Disclaimer: This package is still under construction and not yet ready for any serious use.
- Building the Image: How to build this docker image for your specific setup
- Running the Image: How to run this image correctly
- Example Applications: Examples of real-world application
- Serial Communication with Microcontroller Board: Using this image to build an example for a microcontroller board, using serial communication
- UDP-based Communication with Host Emulation: Using this image to run a micro-ROS application in a host emulation, using udp communcation
Before using this image, you need to install docker on your system. If you don't have this already, take a look at the docker installation instructions.
You can build the image using
$ git clone [email protected]:RobertWilbrandt/microros_zephyr_docker.git
$ docker build microros_zephyr_docker \
--tag wilbrandt/microros_zephyr:foxy \
--build-arg PLATFORM_BOARD=<Your Board>
The PLATFORM_BOARD
argument specifies which board you are using.
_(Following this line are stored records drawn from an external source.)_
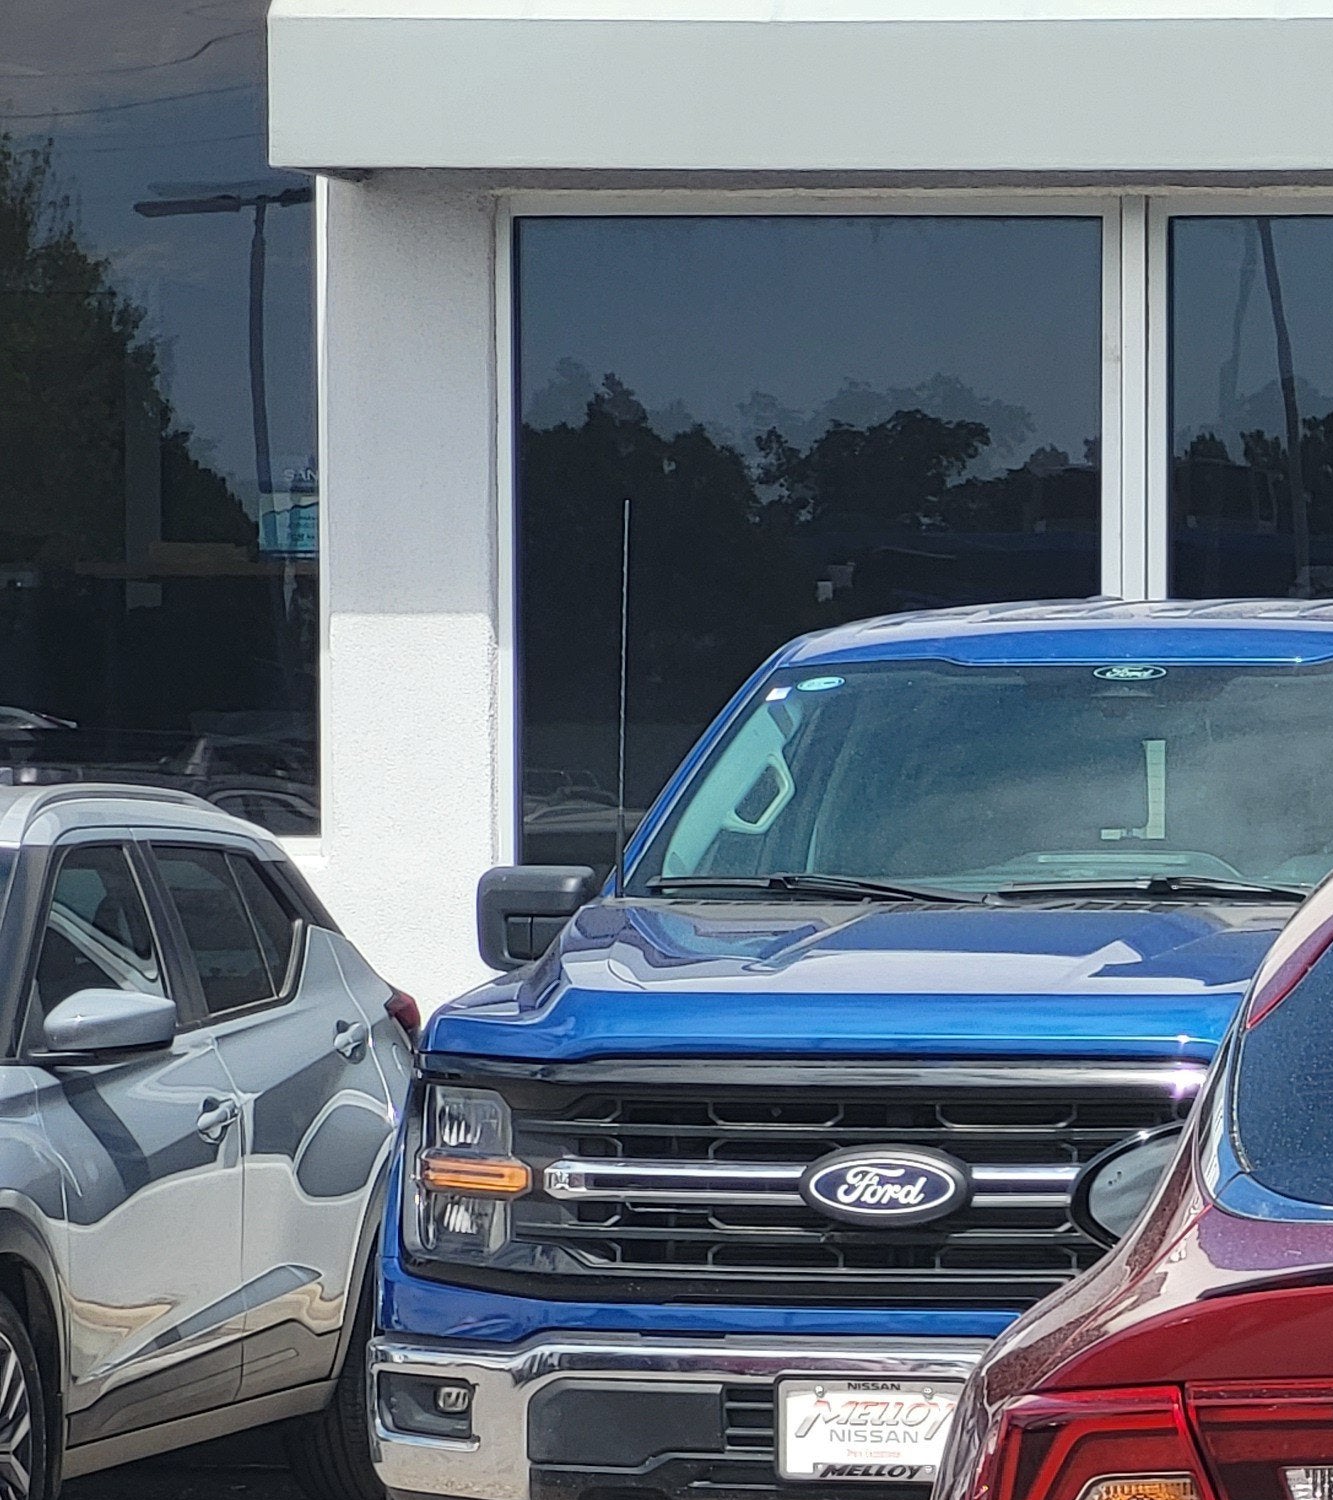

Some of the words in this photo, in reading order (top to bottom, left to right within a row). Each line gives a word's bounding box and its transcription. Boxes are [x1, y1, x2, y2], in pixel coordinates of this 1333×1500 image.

[836, 1166, 929, 1205] Ford
[847, 1382, 901, 1391] NISSAN
[794, 1399, 958, 1441] MELLOY
[830, 1429, 918, 1443] NISSAN
[819, 1464, 922, 1479] MELLOY
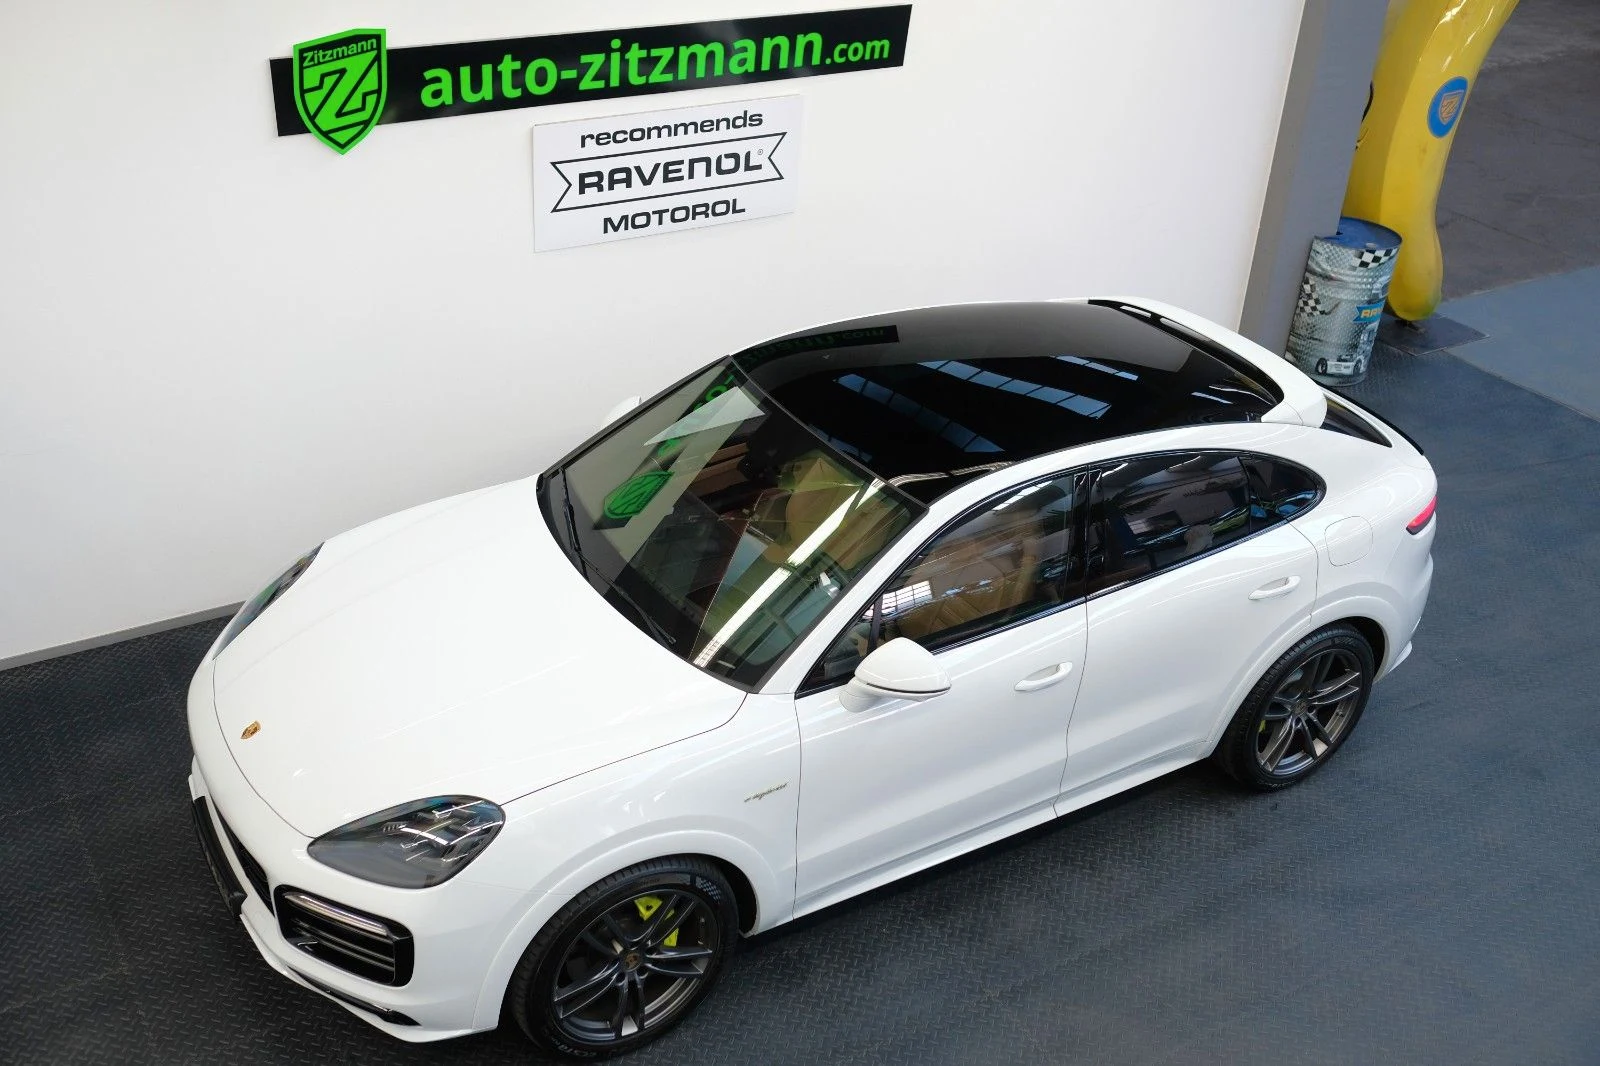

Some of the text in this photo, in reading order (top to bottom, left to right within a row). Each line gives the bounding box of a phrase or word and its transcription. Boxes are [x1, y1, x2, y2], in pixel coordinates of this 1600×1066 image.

[302, 38, 377, 67] Zitzmann
[420, 31, 890, 108] auto-zitzmann.com
[580, 110, 763, 148] recommends
[603, 198, 746, 234] MOTOROL
The format it uses depends on:
- If your board is already supported by micro-ROS, use the name shown in the micro_ros_setup supported platforms section.
- If your board is not yet supported by micro-ROS (but supported by Zephyr) and you just want to try out this configuration, use the name used by Zephyr (as found in its board side in the documentation). This will give you warnings during your build.
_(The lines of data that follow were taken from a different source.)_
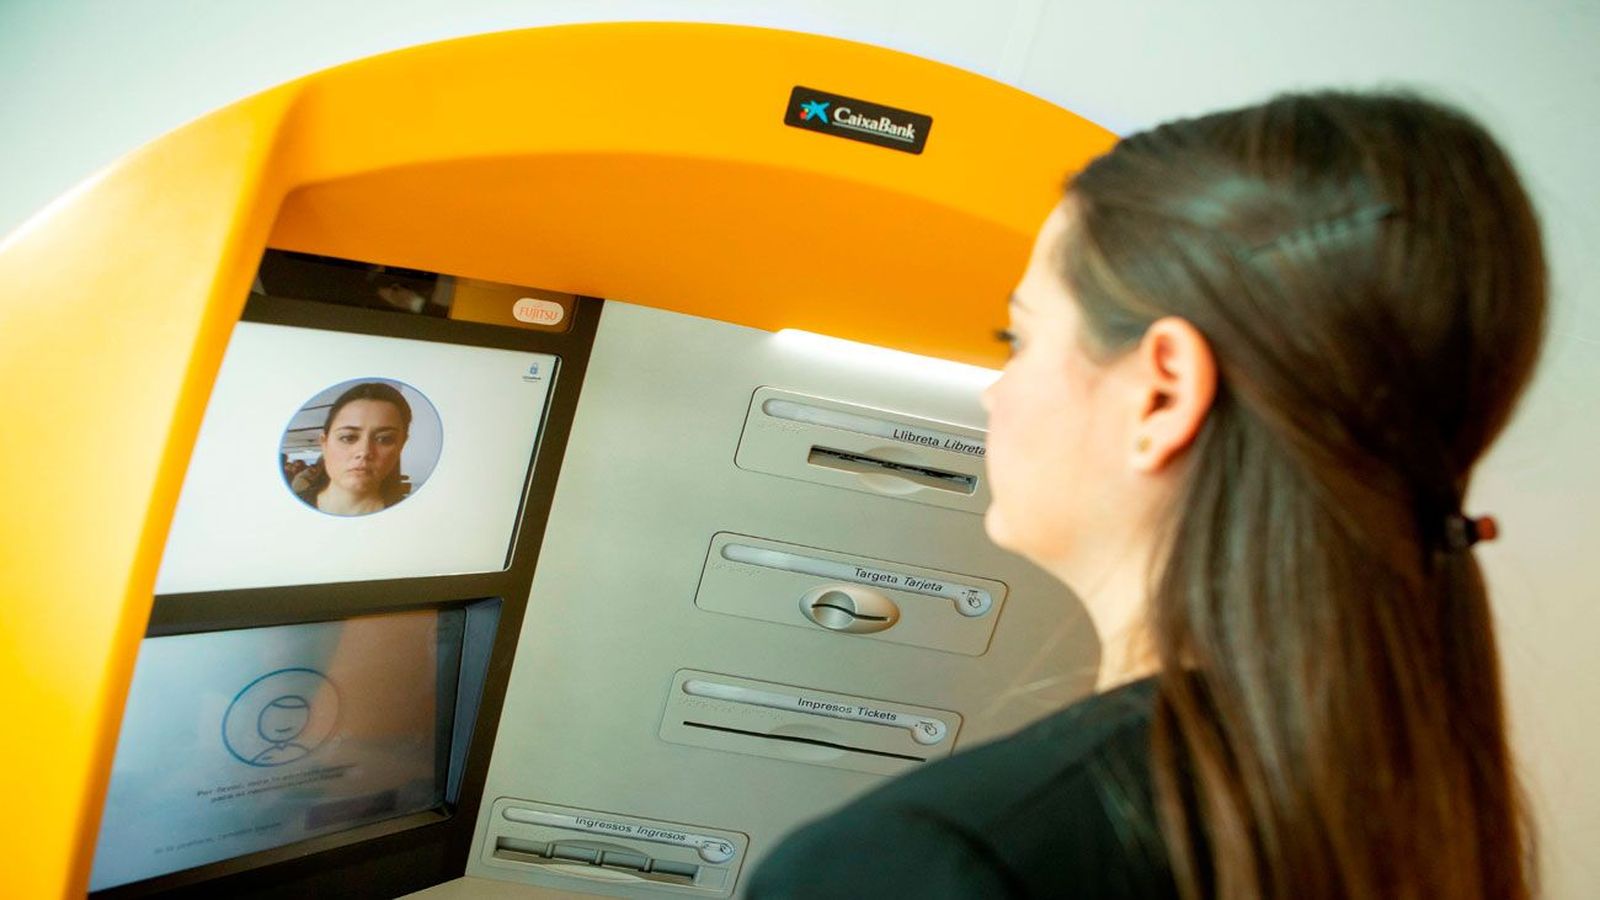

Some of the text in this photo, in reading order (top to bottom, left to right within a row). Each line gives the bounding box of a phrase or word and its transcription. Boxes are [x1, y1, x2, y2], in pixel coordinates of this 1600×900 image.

[833, 107, 915, 139] CaixaBank
[519, 306, 559, 320] FUJITSU
[893, 428, 986, 455] Llibreta Libreta
[854, 567, 944, 592] Targeta Tarjeta
[798, 697, 897, 721] Impresos Tickets
[575, 816, 687, 842] Ingressos Ingresos
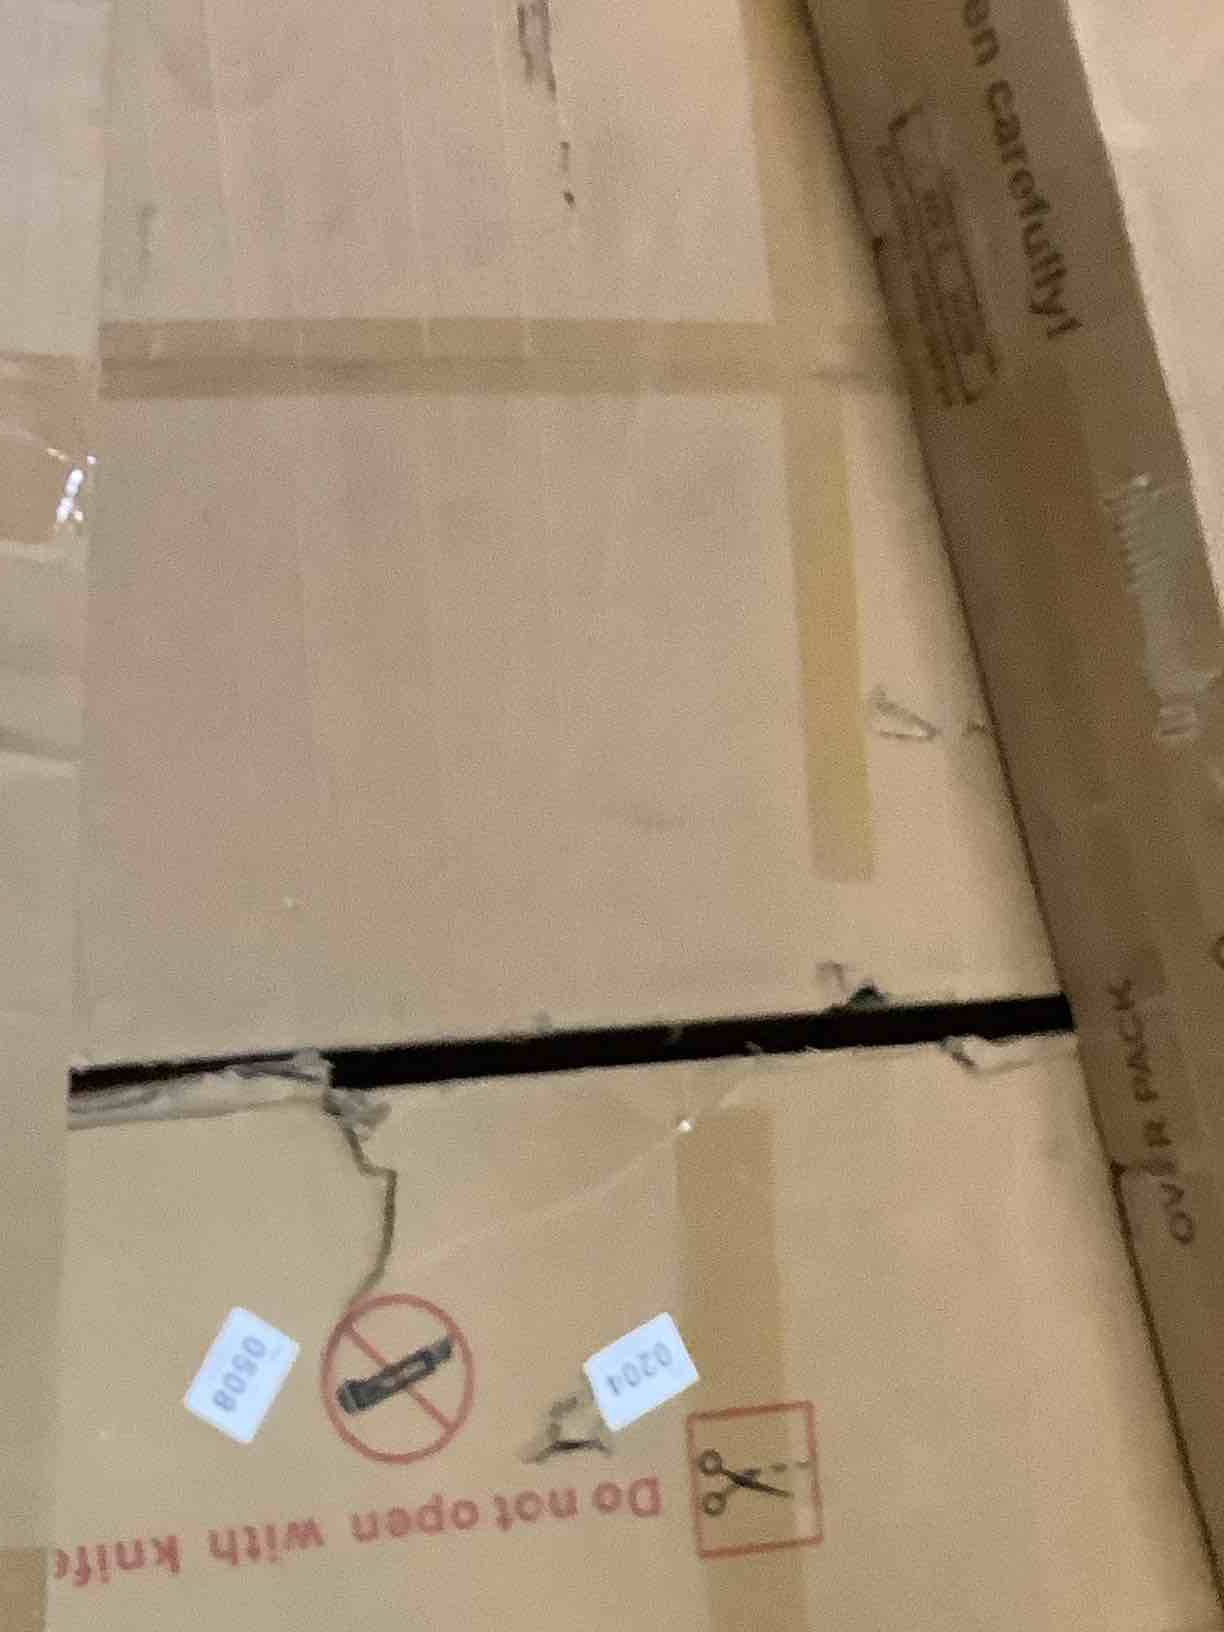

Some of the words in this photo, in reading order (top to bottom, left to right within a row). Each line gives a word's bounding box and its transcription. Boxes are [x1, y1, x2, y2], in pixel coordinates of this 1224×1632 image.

[350, 1492, 479, 1542] open
[492, 1487, 577, 1532] not
[589, 1476, 663, 1518] Do
[207, 1516, 324, 1566] with
You can use this image just like any other docker image. Recommended usage is
$ docker run -it --rm --privileged \
--volume <absolute_path_to_your_apps_folder>:/uros_apps \
wilbrandt/microros_zephyr:foxy
The effects of these flags are:
-it
: KeepsSTDIN
open and creates a pseudo-TTY for you to interact with. With these two options you can use this like a normal shell.--rm
: Removes the container after it exits. You might not want to use this if you want to keep an internal state in the image and attach to it later on.--privileged
: This is needed to give the container all permissions needed to flash your microcontroller.--volume
: Maps your custom apps into the image. This has to be an absoulte path, and it should contain the directories of your custom apps. The toolchain inside the image expects your apps to be mapped to/uros_apps
and will error out if it doesn't find any there.
Suppose you want to build one of the example applications distributed in zephyr_apps as part of micro-ROS, for example ping_pong. You use the STM32F429I-DISC1 discovery kit.
The first step to achieve this consists of getting the application and building this docker image:
$ git clone [email protected]:micro-ROS/zephyr_apps.git
$ git clone [email protected]:RobertWilbrandt/microros_zephyr_docker.git
$ docker build microros_zephyr_docker --tag wilbrandt/microros_zephyr_stm32f429i_disc1:foxy \
--build-arg PLATFORM_BOARD=stm32f429i_disc1
(Okay i am cheating a bit here, as the micro-ROS applications in zephyr_apps
will check if the board is supported, which is not the case for stm32f429i_disc1
. You can just comment out the check in CMakeLists.txt
though and i will try to get a patch in that removes this for basic applications)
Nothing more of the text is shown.